Workshops and Sessions
Workshop: Participatory strategies in co-creative innovation
Whether deliberately or implicitly, different approaches to co-creation can impact several aspects of the co-creation process: from setting up roles and expectations, fostering motivation and maintaining commitment, fostering cooperative behavior or utilization and exploitation of knowledge.
The aim of the workshop is to be an interactive session where practitioners can discuss their experience in collaboration with different stakeholders and to share their insights with academic researchers who are working on similar issues. What strategies can you share on stakeholder engagement, participation, and inclusion? What were the interesting things that emerged from this multi-stakeholder engagement? What were the limits and challenges? What do ideal participants look like, and why?
Session: How does money matter in renewable energy cooperatives?
This session focuses on the questions: How do energy cooperatives co-create with their members? What are the challenges and barriers for financing energy cooperatives projects in different countries? How do cooperatives co-create funding systems for their investment project? What is the role of housing cooperatives in Eastern Europe to speed up renewable energy transition in the region? To which extent cooperatives use co-operation to make decisions in the financial area?
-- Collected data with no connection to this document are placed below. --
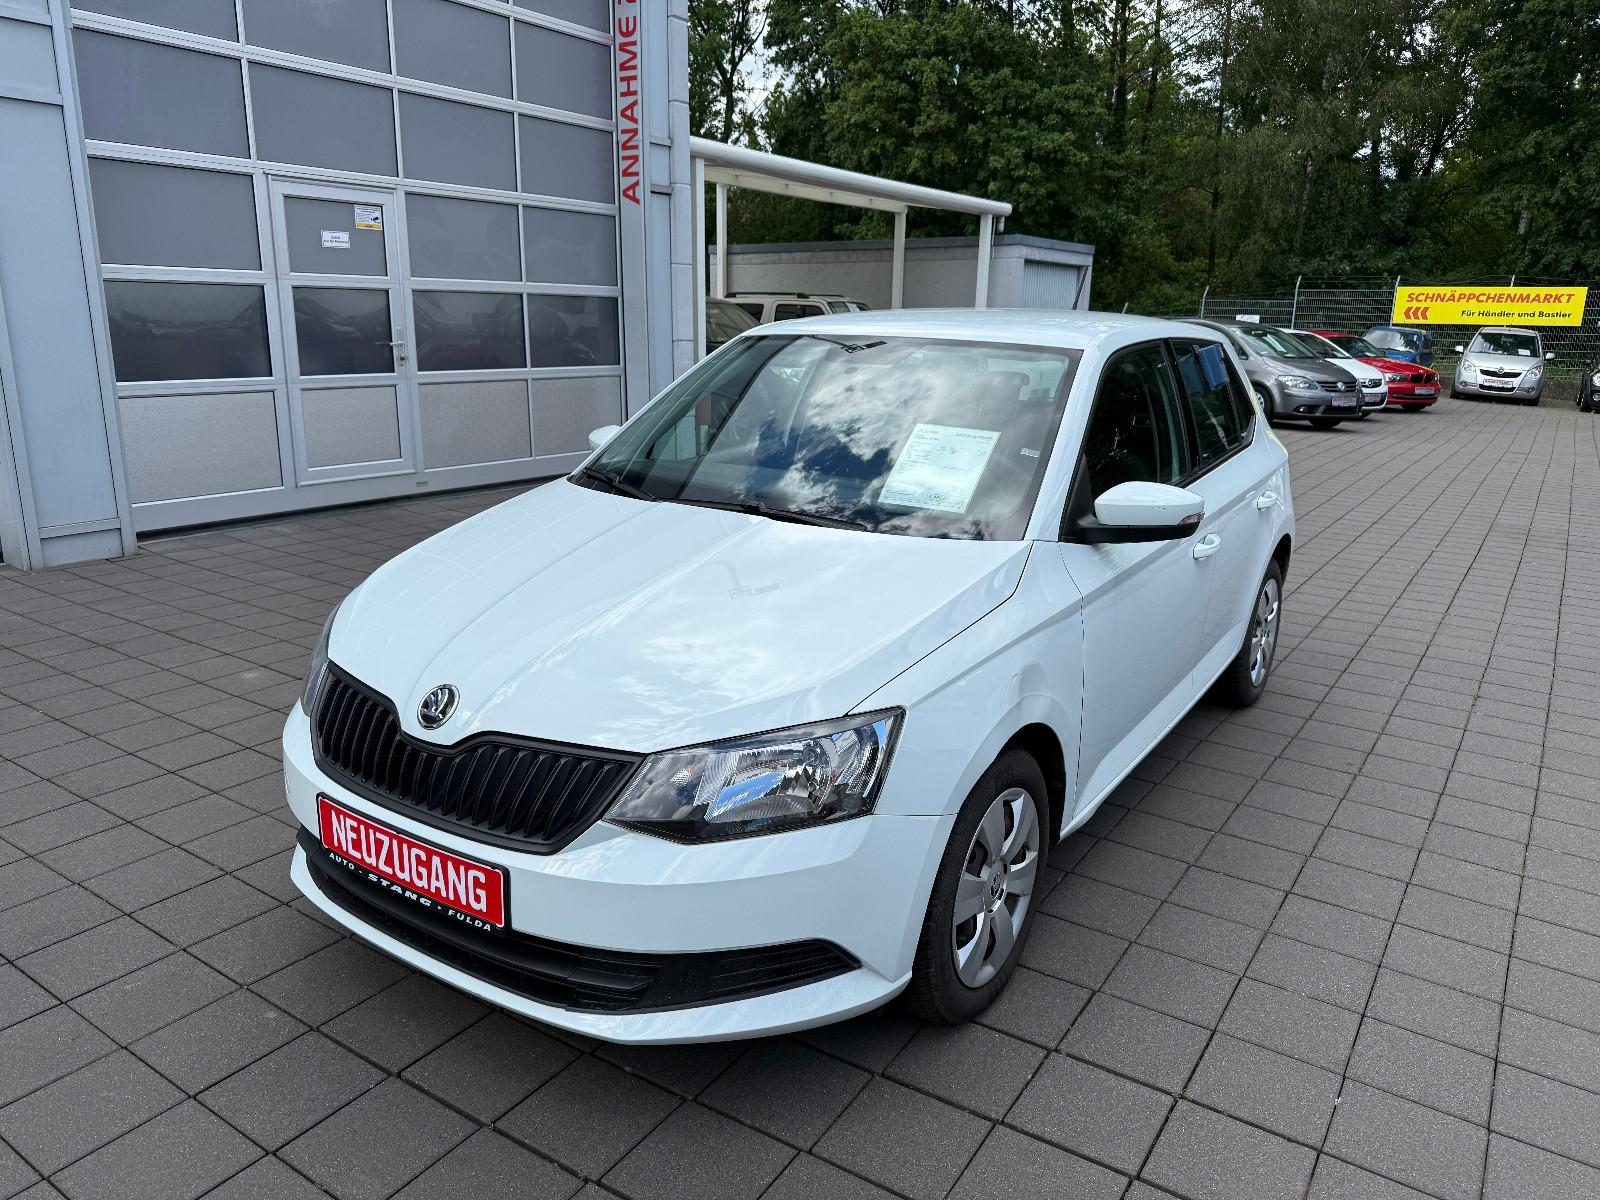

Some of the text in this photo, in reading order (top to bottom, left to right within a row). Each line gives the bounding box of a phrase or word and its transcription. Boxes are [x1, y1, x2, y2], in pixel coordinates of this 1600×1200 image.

[618, 15, 640, 205] ANNAHME
[1406, 290, 1575, 304] SCHNÄPPCHENMARKT
[1478, 310, 1515, 318] Händler
[329, 852, 492, 932] AUTO STANG FULDA
[331, 809, 487, 913] NEUZUGANG
What kind of value bring co-creation to urban energy projects in renewable energy cooperatives?
Session leads will introduce empirical data and conceptual insights of a three country comparison to kick off the discussion.
Workshop: Co-creating a European co-creation roadmap
In the session, we present first results of the roadmapping activities in SCALINGS and aim to generate a debate of academics and practitioners about what they see as essential for the future of co-creation in Europe.
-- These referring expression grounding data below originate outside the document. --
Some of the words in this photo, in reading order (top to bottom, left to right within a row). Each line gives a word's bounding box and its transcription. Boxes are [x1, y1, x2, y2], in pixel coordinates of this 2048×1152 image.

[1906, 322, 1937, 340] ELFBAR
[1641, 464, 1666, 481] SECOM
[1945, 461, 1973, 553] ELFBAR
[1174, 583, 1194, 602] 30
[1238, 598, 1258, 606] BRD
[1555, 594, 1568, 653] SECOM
Session: Power, subjectivity and truth in co-creation
Co-creation does not take place in a ‘power vacuum’. Participants in co-creation are (dis)empowered in different ways (e.g. by access to resources, networks of influence, skills, knowledge, political influence etc.). The aim of this session is to analyse and critically assess the power dynamics contributing to the shaping of co-creation in practice, in particular the interplay between co-creative settings and the existing organisation of innovation (eco)systems.
This session invites contributions. A call for contributions will follow in September.
Session: Call for contributions: Co-creation and character
Participation is becoming a greater part of our economy, governance and innovation practices. Participative projects have sprung from movements to democratize technology, innovation, product design, architecture and town planning. The participation of citizens or end-users in the design of products and services is often also advantageous for businesses. Participative innovation may be a better way to address complex global issues like climate change, the need for a sustainable energy transition and the robotization of the workforce. While participating in innovative practices can be valuable, it can also be demanding. Participative processes can also be slow. For participative innovation to make a positive contribution, a change in people’s mentality is required.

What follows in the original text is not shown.